In this paper, the influences of SMRT parameters on the surface integrity (surface residual stress, microhardness, and roughness) and fatigue life are studied through an orthogonal experimental design and a machine learning prediction model. The specific conclusions are as follows:

(1) According to the orthogonal experimental analysis, the feed rate, pressure, and number of passes notably influence the surface roughness, the pressure, and feed rate have a greater effect on the surface residual stress, and the SMRT parameters have no significant effect on the surface microhardness. In addition, a larger pressure (8~16 MPa), a smaller feed (0.02~0.08 mm/r), and a suitable number of rolling passes (4~6) can decrease significantly the surface roughness. The larger the pressure, the smaller the feed rate, and the greater the surface residual compressive stress that can be obtained.

(2) The SVM-AL model based on the RBF kernel function has the best evaluation indexes (R² = 97.4%, RAD = 1.8%). Compared to the SVM model, the evaluation indexes R² and RAD of the SVM-AL prediction model increased by 4.6% and decreased by 57.1%, respectively. The prediction accuracy of the SVM-AL model is the best when C = 10 and G = 0.15, and the SVM classification model can effectively screen out invalid predictive parameters.

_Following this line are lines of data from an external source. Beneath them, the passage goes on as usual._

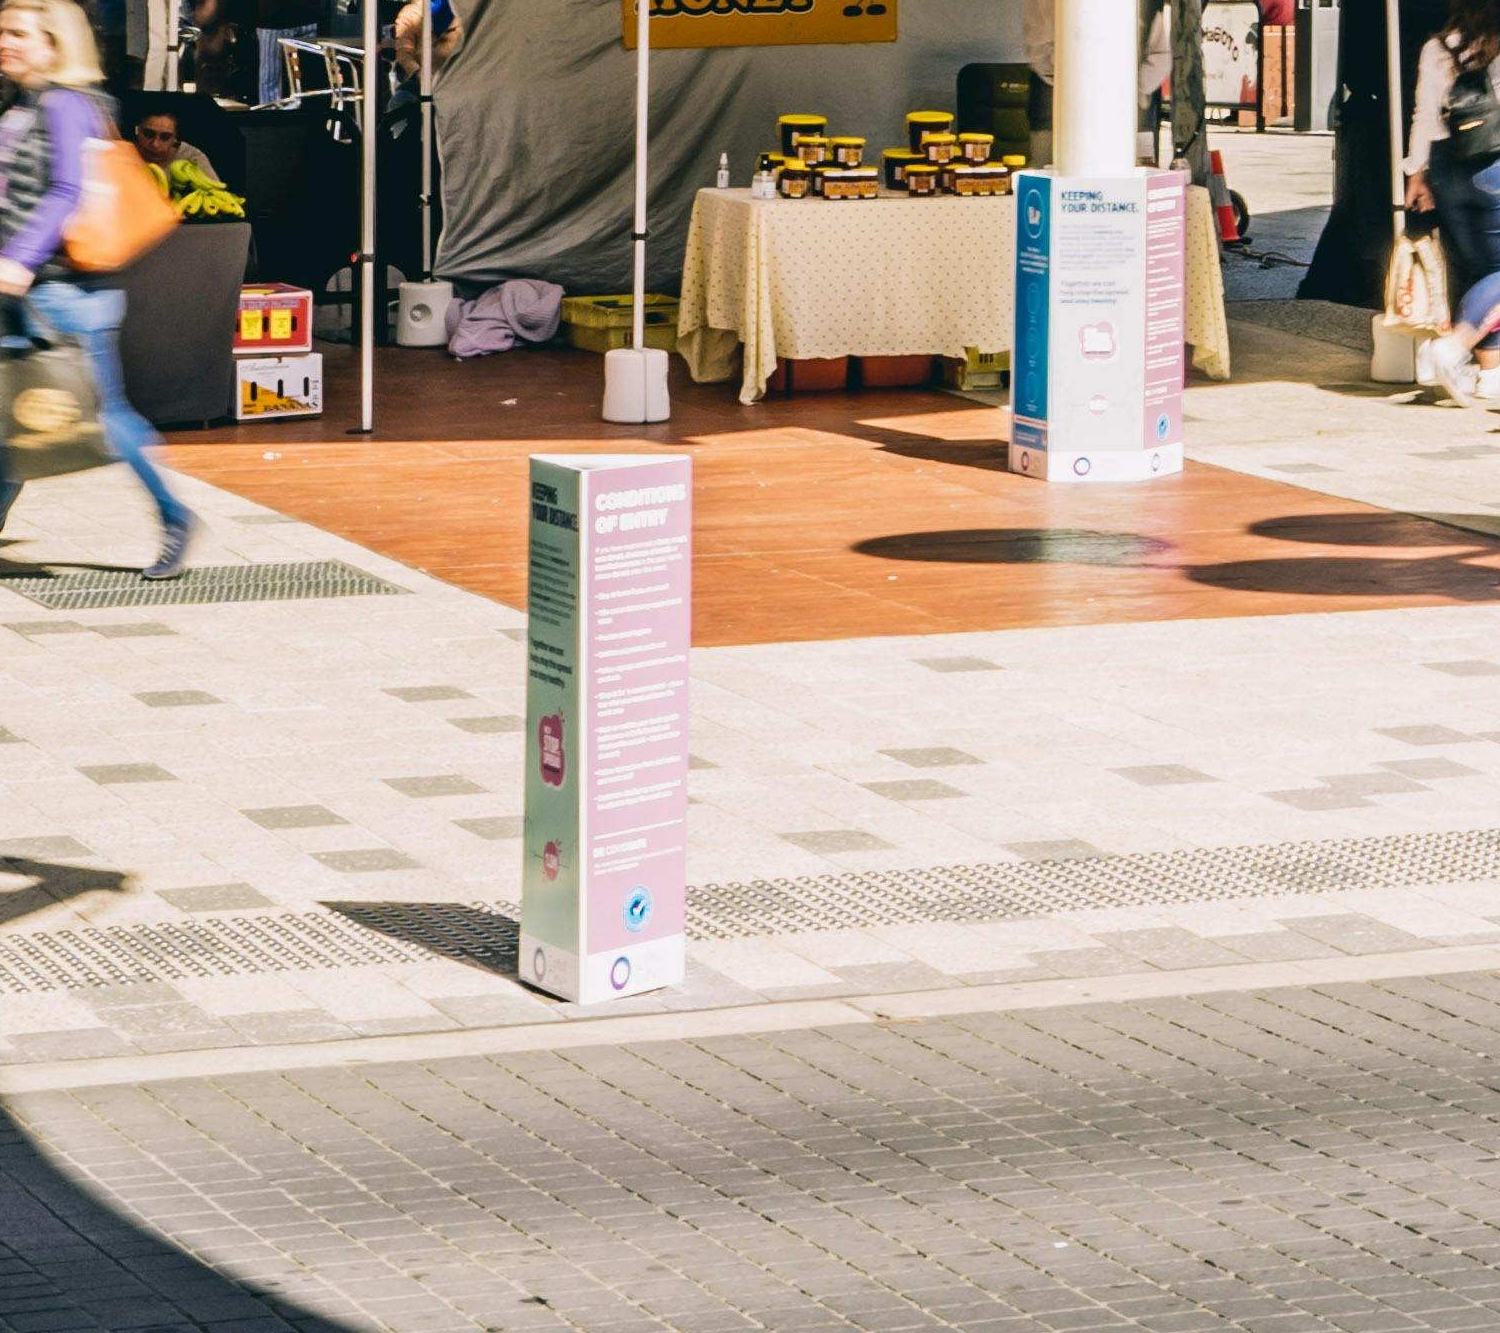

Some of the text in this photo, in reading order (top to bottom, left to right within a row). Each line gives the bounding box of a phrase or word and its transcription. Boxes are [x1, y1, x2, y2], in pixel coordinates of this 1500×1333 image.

[1060, 191, 1103, 202] KEEPING
[1060, 203, 1087, 213] YOUR
[595, 484, 687, 511] CONDITIONS
[595, 508, 669, 534] OF ENTRY
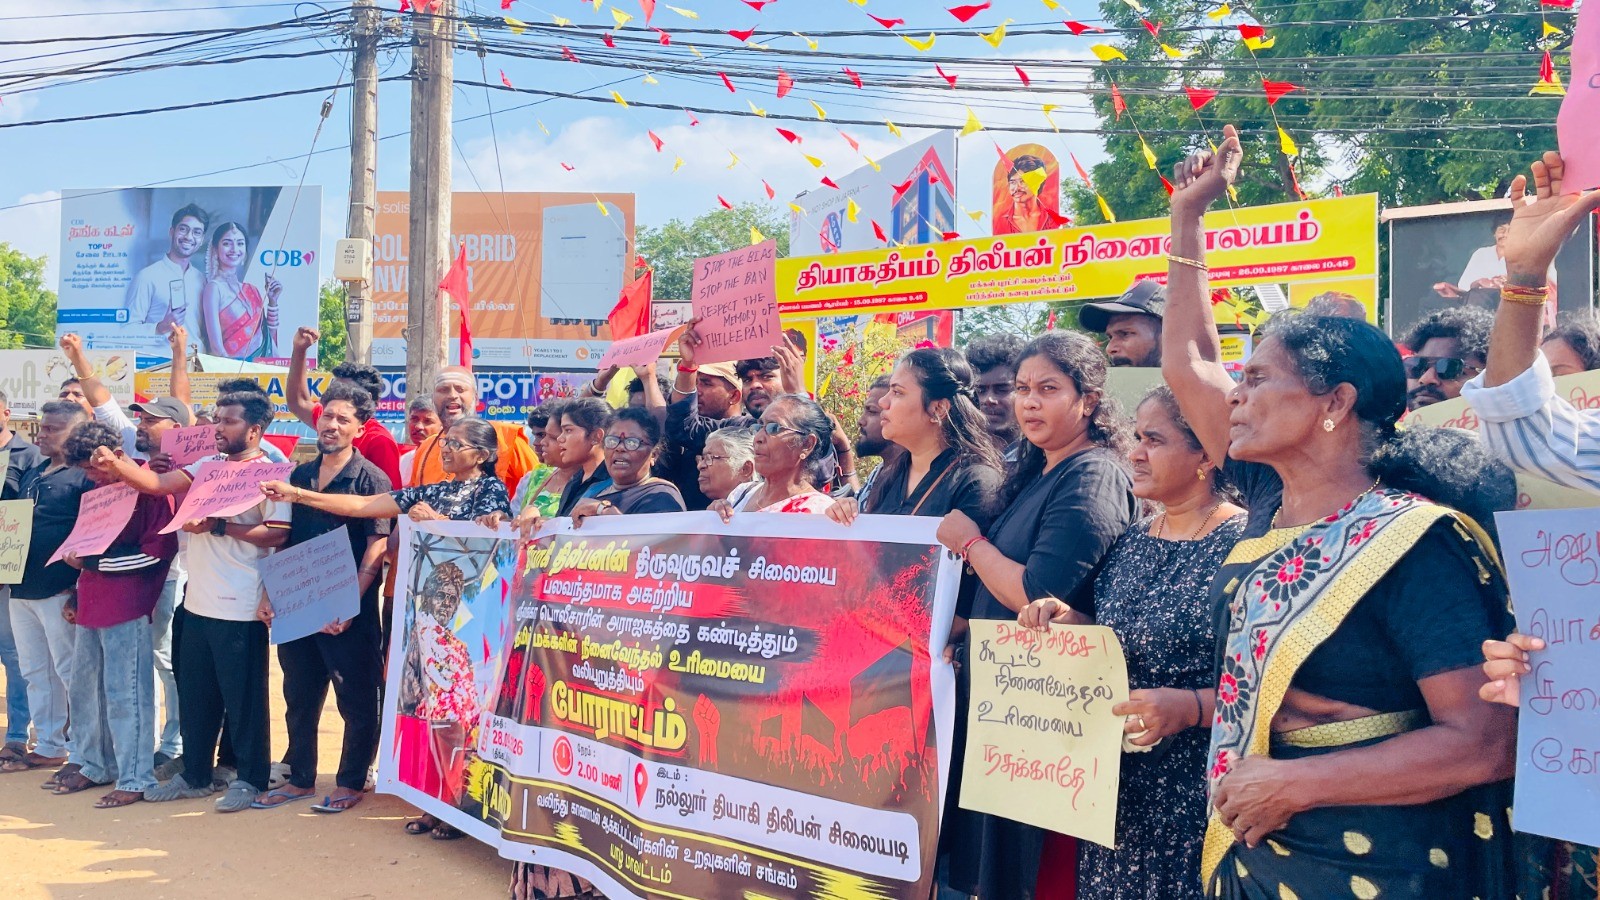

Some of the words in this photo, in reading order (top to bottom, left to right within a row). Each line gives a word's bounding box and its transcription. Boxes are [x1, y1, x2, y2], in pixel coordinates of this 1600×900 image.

[260, 250, 302, 267] CDB
[451, 234, 516, 262] YBRID
[797, 250, 940, 292] தியாகதீபம்
[948, 238, 1054, 278] திலீபன்
[1062, 211, 1319, 268] நினைாலயம்
[700, 260, 725, 281] STOP
[728, 256, 744, 268] THE
[747, 249, 773, 263] BIAS
[1238, 265, 1288, 275] 26.09.1987
[1322, 260, 1349, 269] 10.48
[700, 284, 722, 299] STOP
[724, 279, 739, 289] THE
[743, 268, 767, 286] BAN
[701, 300, 736, 319] RESPECT
[743, 293, 766, 304] THE
[723, 310, 757, 328] MEMORY
[762, 303, 776, 316] OF
[371, 345, 394, 355] solis
[705, 319, 770, 350] THILEEPAN
[478, 378, 534, 400] POT
[204, 468, 251, 482] SHAME
[254, 468, 273, 477] ON
[274, 465, 293, 473] THE
[189, 498, 216, 506] STOP
[217, 495, 239, 503] THE
[549, 540, 631, 576] திலீபனின்
[635, 546, 740, 582] திருவுருவச்
[748, 556, 836, 586] சிலையை
[543, 575, 622, 603] பலவந்தமாக
[627, 581, 693, 612] அகற்றிய
[607, 614, 690, 645] அராஜகத்தை
[697, 621, 797, 659] கண்டித்தும்
[533, 629, 578, 654] மக்களின்
[581, 635, 662, 671] நினைவேந்தல்
[668, 650, 766, 684] உரிமையை
[572, 661, 645, 695] வலியுறுத்தியும்
[995, 664, 1113, 715] நினைவேந்தல்
[551, 680, 687, 750] போராட்டம்
[978, 701, 1083, 737] உரிமையை
[577, 762, 598, 782] 2.00
[601, 771, 622, 793] மணி
[656, 767, 681, 781] இடம்
[655, 784, 706, 817] நல்லூர்
[713, 794, 760, 826] தியாகி
[767, 806, 821, 841] திலீபன்
[828, 822, 909, 864] சிலையடி
[537, 792, 569, 817] வலிந்து
[571, 801, 601, 826] காணாமல்
[601, 812, 678, 859] ஆக்கப்பட்டவர்களின்
[684, 848, 752, 878] உறவுகளின்
[756, 863, 798, 889] சங்கம்
[625, 856, 672, 884] மாவட்டம்
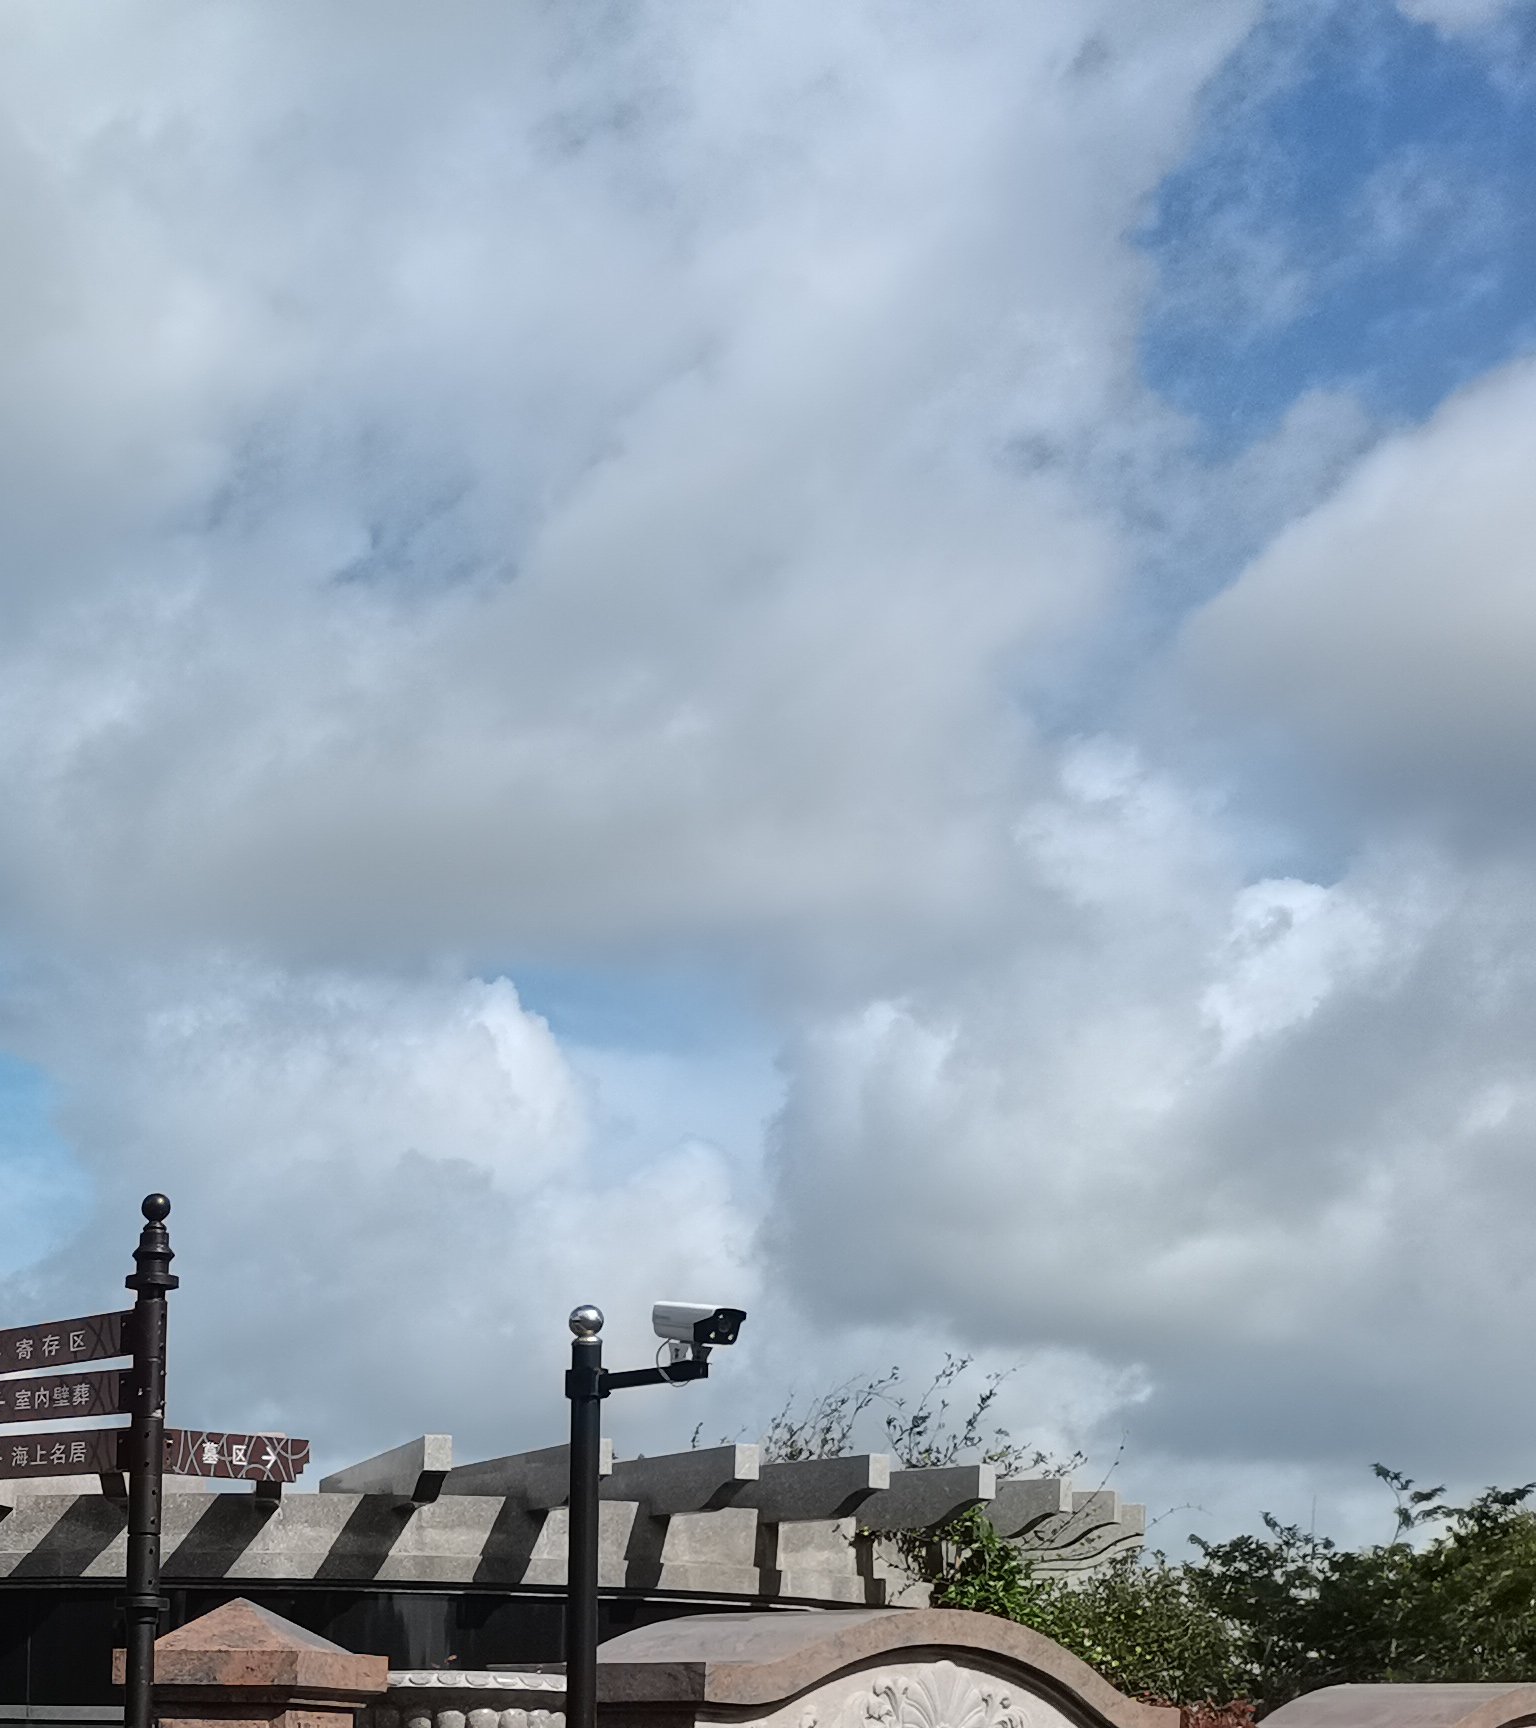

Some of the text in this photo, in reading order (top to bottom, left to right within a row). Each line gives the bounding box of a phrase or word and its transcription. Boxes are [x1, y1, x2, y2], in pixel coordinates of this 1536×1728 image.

(3) As the number of iterations increases, the predicted and experimental results are more and more in agreement. Experimental validation through fatigue testing reveals that the fatigue property of the SMRT specimens with the predicted optimized parameters was in general agreement with that of the highest binding factor in the dataset.

(4) In this study, the ML model was used to optimize the SMRT parameters to obtain excellent surface integrity, and thus improve the fatigue life of the material. In the future, we will explore the effect of the SMRT parameters on fatigue life in more depth and develop fatigue life prediction models for more accurate and efficient predictions.